Task goal
Please return, word for word, the line containing "Some of the text" and each line after it through the end of the data below, and nothing else.

Input
━━━━━━━━━━━━━━━━━━━━━━━━━━━━━━
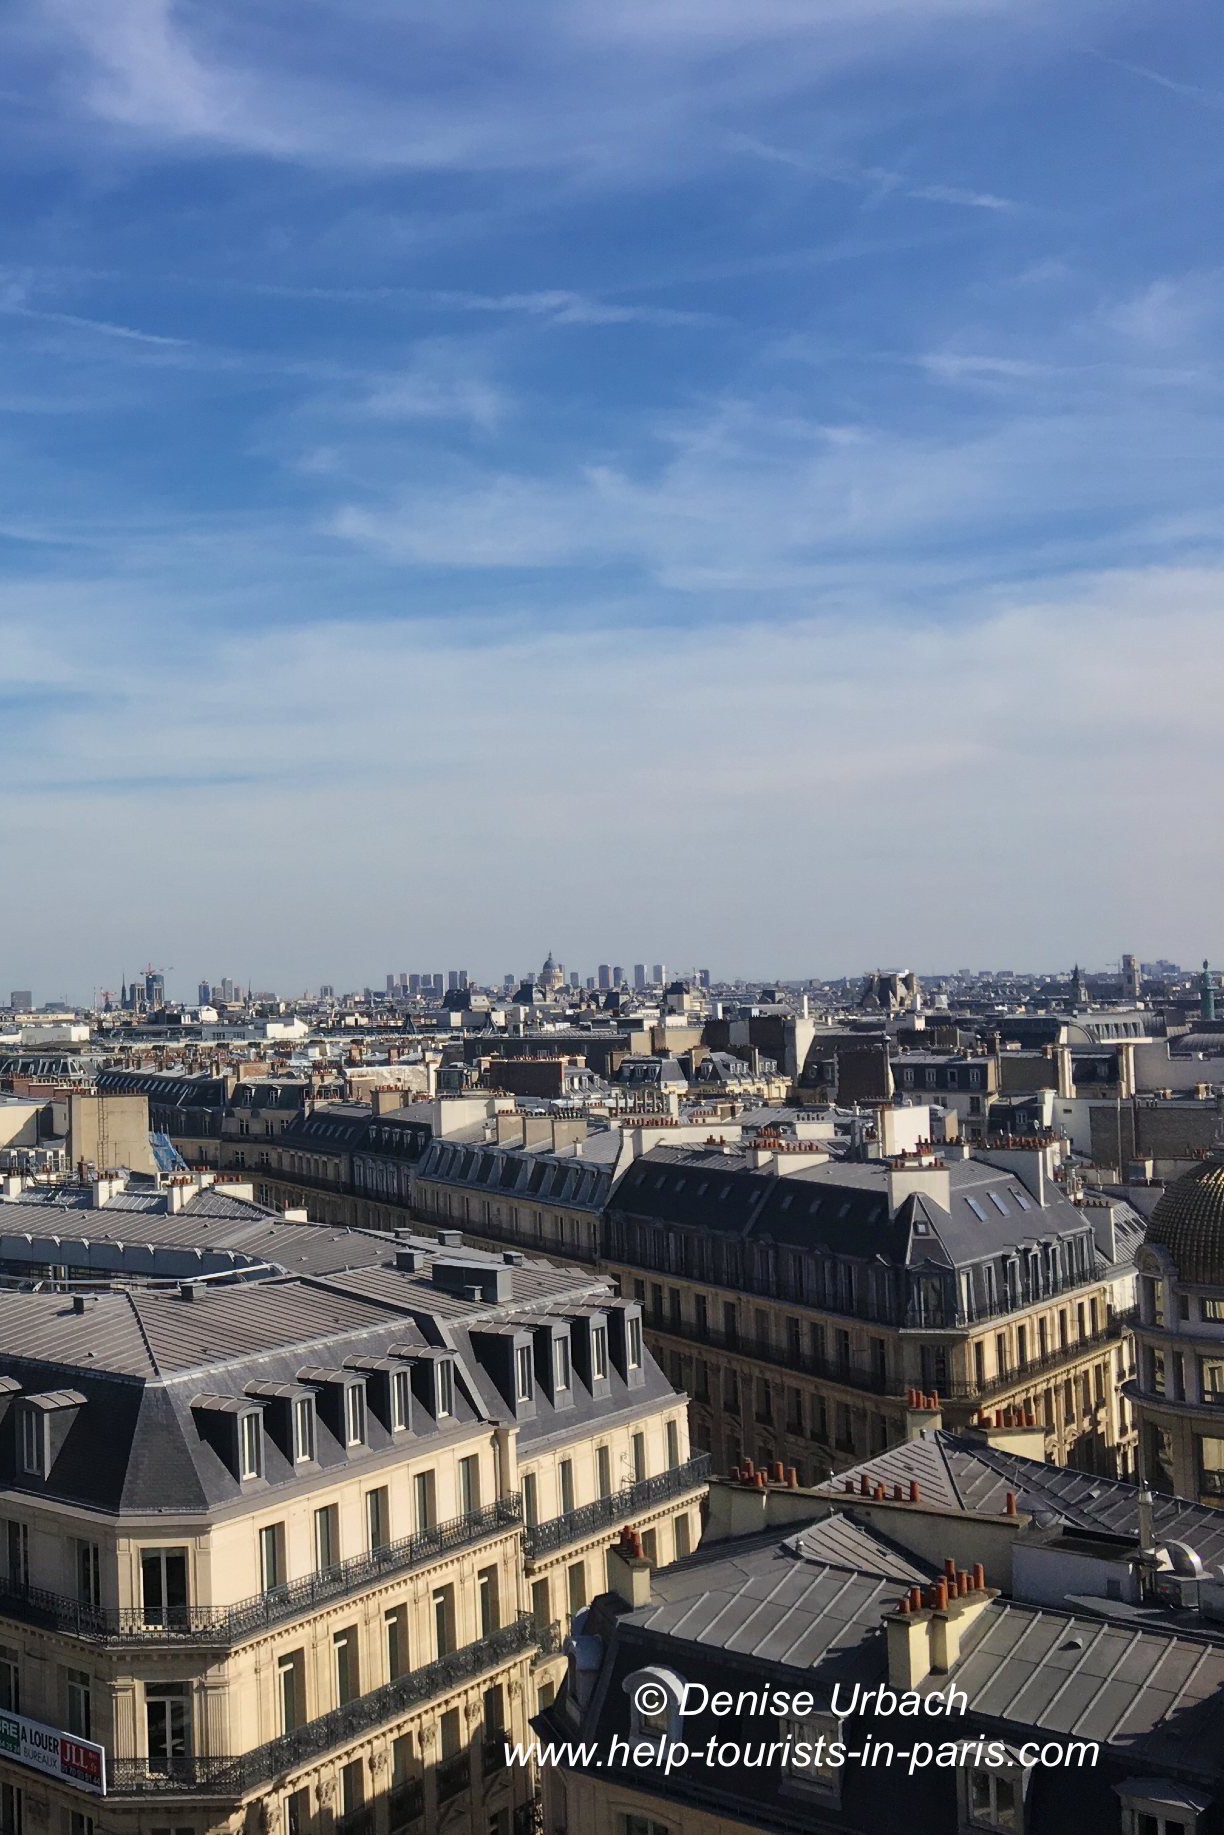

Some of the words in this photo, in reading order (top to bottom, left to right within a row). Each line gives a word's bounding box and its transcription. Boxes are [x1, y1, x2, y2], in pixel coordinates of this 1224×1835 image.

[21, 1725, 27, 1743] A
[30, 1730, 59, 1755] LOUER
[24, 1748, 57, 1769] BUREAUX
[63, 1743, 88, 1769] JLL
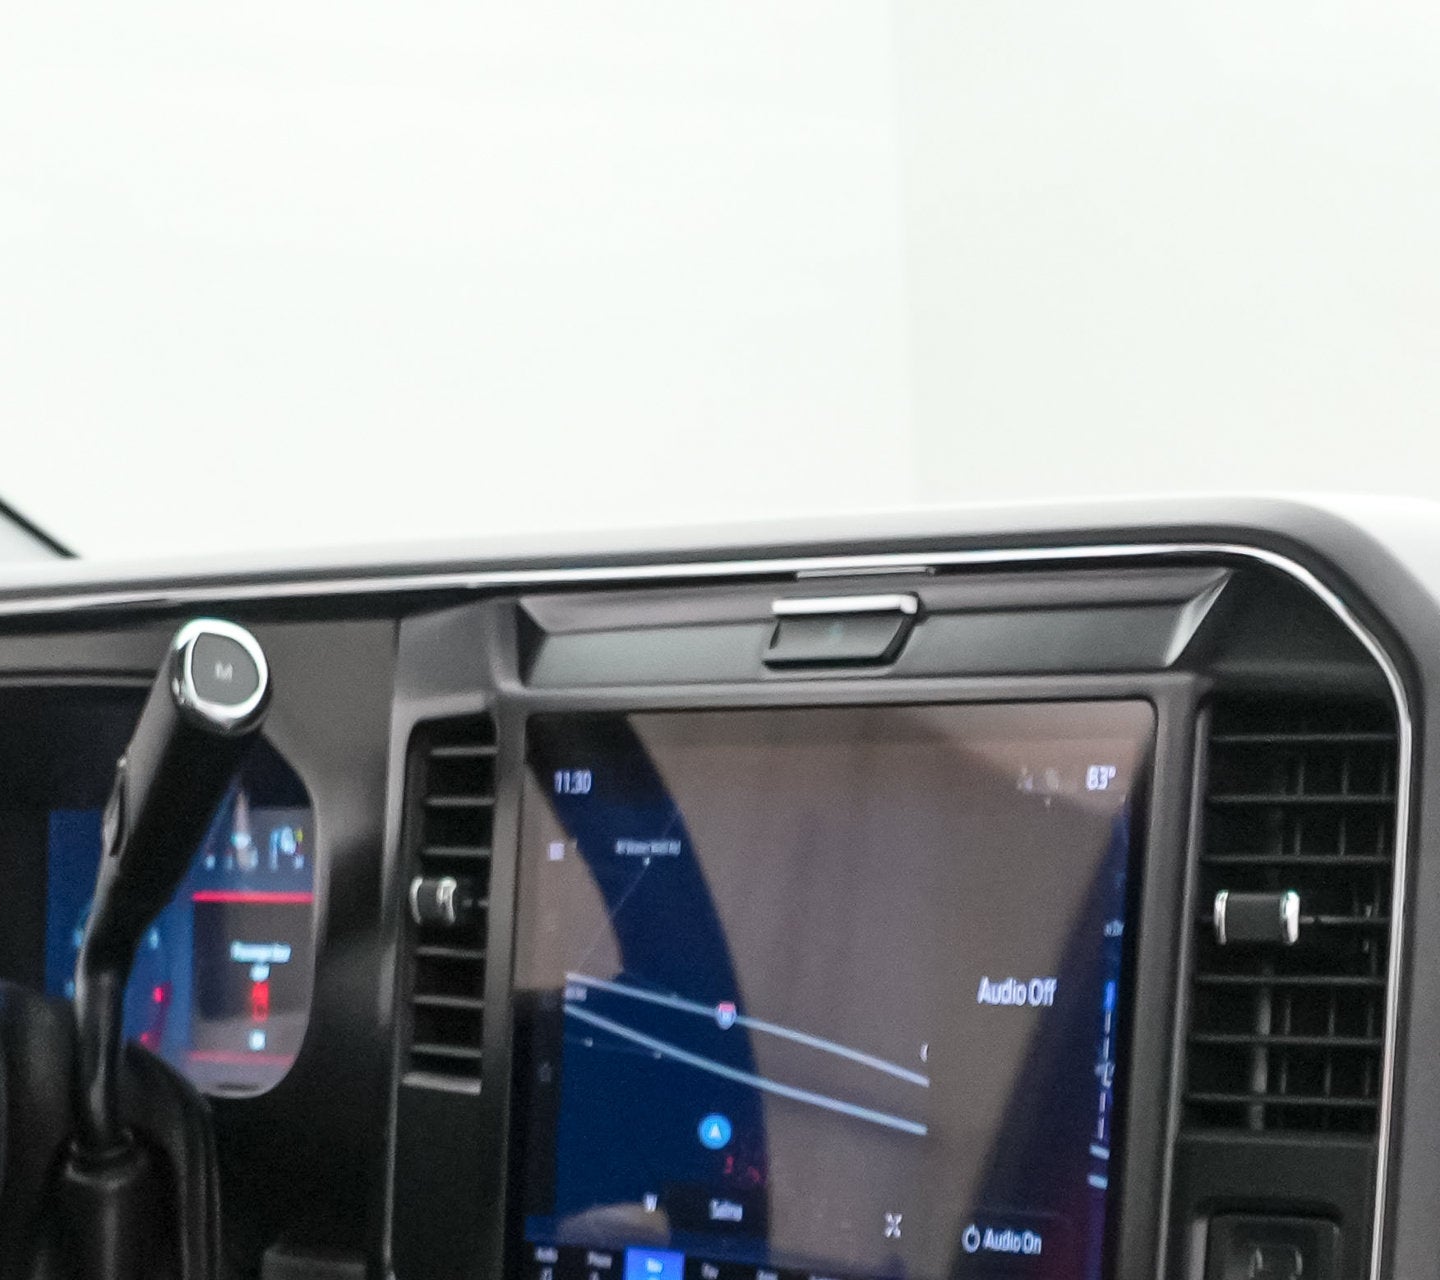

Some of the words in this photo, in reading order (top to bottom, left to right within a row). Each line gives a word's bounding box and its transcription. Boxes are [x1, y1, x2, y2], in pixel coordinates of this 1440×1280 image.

[977, 976, 1027, 1006] Audio
[1028, 977, 1058, 1006] Off
[983, 1228, 1021, 1250] Audio
[1022, 1230, 1042, 1254] On
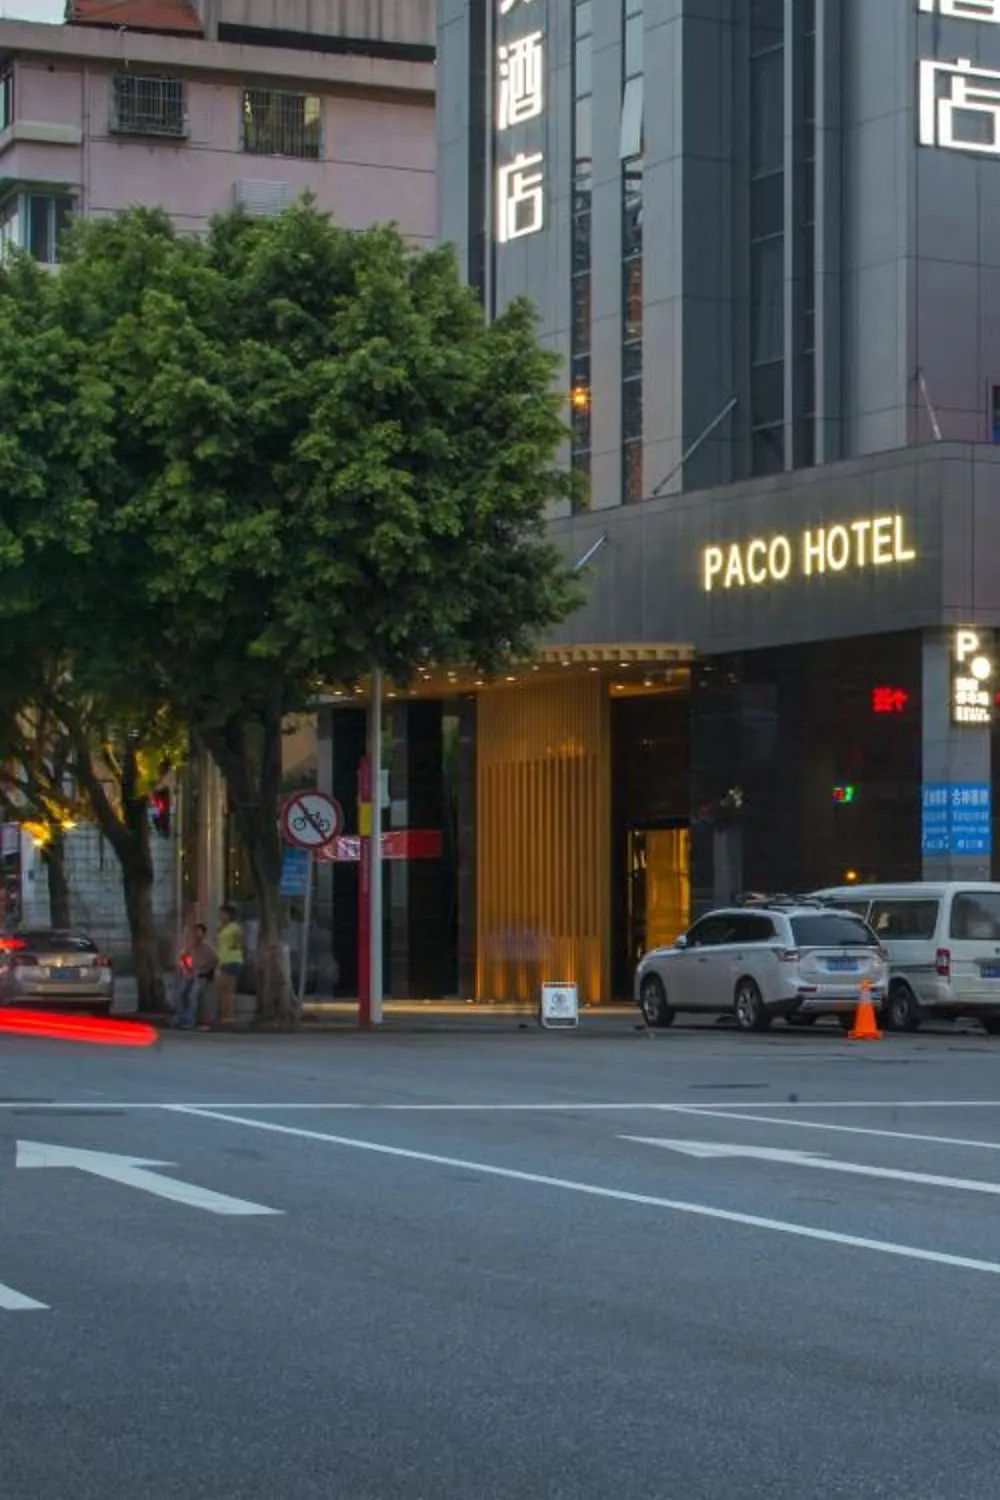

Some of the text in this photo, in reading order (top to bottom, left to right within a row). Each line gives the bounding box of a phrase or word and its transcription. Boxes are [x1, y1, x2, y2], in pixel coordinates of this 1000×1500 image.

[702, 514, 916, 591] PACO HOTEL
[956, 630, 979, 662] P
━━━━━━━━━━━━━━━━━━━━━━━━━━━━━━
Problem solution
Some of the text in this photo, in reading order (top to bottom, left to right within a row). Each line gives the bounding box of a phrase or word and its transcription. Boxes are [x1, y1, x2, y2], in pixel coordinates of this 1000×1500 image.

[702, 514, 916, 591] PACO HOTEL
[956, 630, 979, 662] P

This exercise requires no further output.